Can LLMs simulate tax evasion emergence?
Investigating Tax Evasion Emergence Using Dual Large Language Model and Deep Reinforcement Learning Powered Agent-based Simulation
January 31, 2025
https://arxiv.org/pdf/2501.18177This paper investigates the emergence of tax evasion (informal economy) using a multi-agent simulation. Agents, representing individuals in an economy, make decisions about paying taxes using a combination of a Large Language Model (LLM) for initial suggestions and Deep Reinforcement Learning (DRL) for final decisions, considering personal traits (encoded as tweets), government policies, and economic incentives.
Key points for LLM-based multi-agent systems:
- LLM-DRL Hybrid Agent: Agents use LLMs to process complex information (personality, history, policies) and provide initial action suggestions (tax payment amount). DRL then refines these suggestions based on rewards and penalties, creating a more nuanced decision-making process.
- Emergent Behavior: The system is designed to allow informal economic activity (tax evasion) to emerge naturally from agent interactions rather than being pre-programmed.
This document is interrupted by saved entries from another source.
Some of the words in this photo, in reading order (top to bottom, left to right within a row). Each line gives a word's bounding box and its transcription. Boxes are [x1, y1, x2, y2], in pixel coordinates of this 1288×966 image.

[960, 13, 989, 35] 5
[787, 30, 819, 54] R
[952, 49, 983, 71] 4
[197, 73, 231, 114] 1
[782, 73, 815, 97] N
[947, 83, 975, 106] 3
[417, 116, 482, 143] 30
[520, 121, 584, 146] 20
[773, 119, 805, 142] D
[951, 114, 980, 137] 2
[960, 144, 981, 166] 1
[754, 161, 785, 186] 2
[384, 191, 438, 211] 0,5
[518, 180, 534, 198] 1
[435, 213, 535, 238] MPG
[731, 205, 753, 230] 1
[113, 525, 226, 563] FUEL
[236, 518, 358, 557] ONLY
- Personality Modeling: Agent personalities are modeled using real tweets, providing diverse behavioral traits and influencing tax compliance decisions. Experimentation with synthetic "pro-tax evasion" tweets showed a measurable effect on agents' compliance behavior, highlighting the impact of external narratives.
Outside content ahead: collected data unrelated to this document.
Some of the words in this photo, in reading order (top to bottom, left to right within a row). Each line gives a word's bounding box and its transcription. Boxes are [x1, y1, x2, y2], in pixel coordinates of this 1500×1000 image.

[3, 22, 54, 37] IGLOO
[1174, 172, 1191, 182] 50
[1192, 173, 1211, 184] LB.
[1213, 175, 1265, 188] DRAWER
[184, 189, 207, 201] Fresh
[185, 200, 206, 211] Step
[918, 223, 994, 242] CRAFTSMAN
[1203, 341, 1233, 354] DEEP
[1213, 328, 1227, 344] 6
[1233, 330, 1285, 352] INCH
- Policy Exploration: The model simulates the impact of different government policies (tax rates, public goods provision, enforcement) on the emergence and dynamics of tax evasion, offering insights for policy optimization. Stronger enforcement and better public goods provision decrease tax evasion.
- Scalable Simulation: The agent-based simulation can be scaled to model larger populations and longer time horizons, allowing for more realistic and complex economic scenarios.